The enormous majority of animals in the United States have no legal protection from violence and other cruelty. The shocking ways that factory farms treat them don’t break the law.
The fact that we have a federal Animal Welfare Act (AWA) creates the impression that there are at least some basic minimum standards that apply to all animals. That’s not true.
The law doesn’t cover animals raised for food. That is more than 10 billion individuals. It also leaves out 95 percent of the animals experimented on in research labs — probably another 100 million individuals. None of these beings has any legal protection from cruelty in the United States, except for a few isolated cases where a brave whistleblower has recorded extreme abuse and a couple workers have gotten slaps on the wrist.
The AWA is supposed to cover exhibited animals, like those in zoos. But even there it doesn’t do wonders. Tony the Truck Stop Tiger has been locked up alone, on exhibit in a barren cage at a truck stop, for just about all of his 13 years, amidst the din of diesel semis, the glare of floodlights that are never turned off, and the harassment of people who throw things at him to make him move. Lawyers and animal advocacy organizations, like the Animal Legal Defense Fund and PETA, have spent years doing what you do when someone breaks a law: going to court. Tony is still in his cage.
Unless the United States Department of Agriculture (USDA) decides to enforce the law, for many animals it might as well not exist. No one else has this power. Some laws give individuals the opportunity to take law-breakers to court, but not the AWA. Only the USDA can sue. More often than not the USDA, which is more likely to be found helping farmers sell meat, doesn’t feel like going after people who make money exploiting animals. It is designed to be on their side. Protecting animals doesn’t merit even a mention in the agency’s mission statement.
So the people who really care about animals can’t help them through the courts. Judges agree with Congress that the courthouse doors should be shut to people who care about AWA violations. Since the Act isn’t intended to protect people, the courts won’t let people use it to sue.
The judges, at least, are being consistent. In every kind of lawsuit, not just cases about animals, only people directly affected by someone breaking the law can go to court over it. Here’s an example: say a contractor agreed to remodel my sister-in-law’s house, took her money and never did any work. No matter how angry I am, I can’t sue the contractor. Only the person directly affected can sue — in this case, my sister-in-law.
There is a catch-22 here: people can’t bring lawsuits on behalf of animals harmed by illegal conduct, but the animals can’t sue either, seeing as how they are animals and courts are very picky about that human/non-human distinction. In other words, when the truck stop makes Tony the Tiger’s life utterly miserable, people can’t sue for him, and he can’t sue for himself. Only the USDA can save the day, and generally speaking, it doesn’t want to.
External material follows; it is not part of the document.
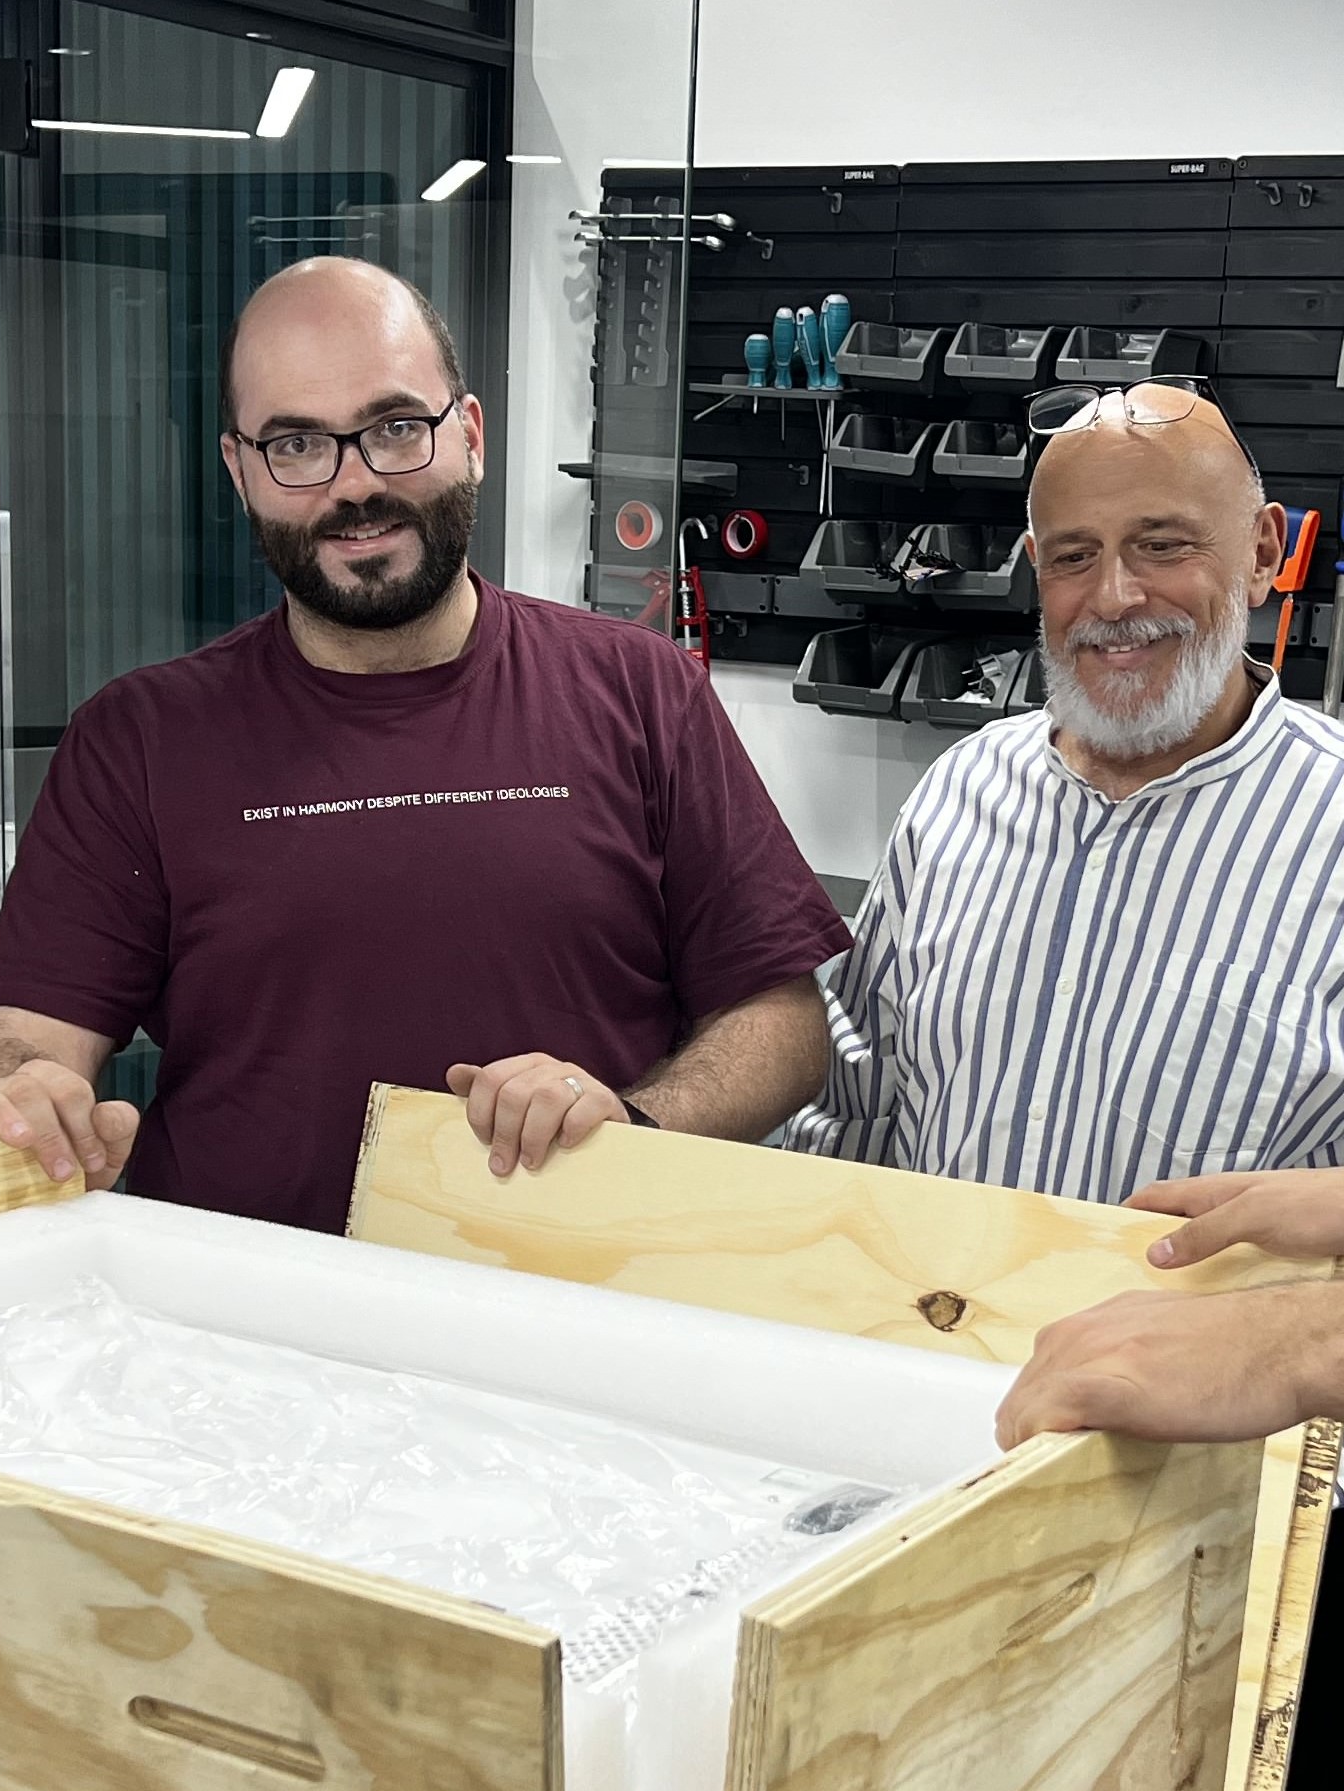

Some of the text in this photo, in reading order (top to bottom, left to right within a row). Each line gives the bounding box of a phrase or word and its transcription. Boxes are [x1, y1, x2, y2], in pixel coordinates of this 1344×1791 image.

[243, 786, 570, 821] EXIST IN HARMONY DESPITE DIFFERENT IDEOLOGIES
This story illustrates how little the USDA wants to be in charge of protecting non-human animals. Congress gave the agency the job of making regulations that would sort out the details of the AWA. One of the first things the agency did in the area of animal experimentation was to declare that mice, rats and birds were not covered. That is 95 percent of the animals researchers use in labs.
Congress passed a law, and the president signed a law, to protect animals used for lab experiments. Then the USDA unilaterally decided that the law should protect only 5 percent of the individuals it was intended to help.
Here’s an illustration of why these laws are all but useless. The Animal Legal Defense Fund went to court and got a ruling that the USDA’s exclusion of mice, rats and birds from the AWA was not kosher and must be changed. Then a higher court said, “Wait a minute, ALDF. You’re humans. No one experimented on you. Get out of this courtroom.” Their victory was short-lived.
The Animal Welfare Act is a national law. What about the states? They could adopt laws to protect their own animals.
They could, but they usually don’t. In fact, the majority of states went out of their way to make sure cruelty to farm animals stayed legal. Since 1990, 36 states have adopted laws that make farms, including factory farms, immune to anti-cruelty laws. As David Wolfson points out in his book “Beyond the Law: Agribusiness and the Systemic Abuse of Animals Raised for Food or Food Production,” the fact that so many states felt compelled to set this immunity in stone demonstrates their understanding that if they didn’t, the things that happen to farm animals every day would be found unlawfully cruel.
So the AWA protects very few animals, and those only haphazardly, thanks in part to the USDA’s indifference. State laws can be even worse. As a result, billions of beings who feel pain, who have desires and who don’t want to die, are tortured and killed in the United States every year, while the government cheers it all on.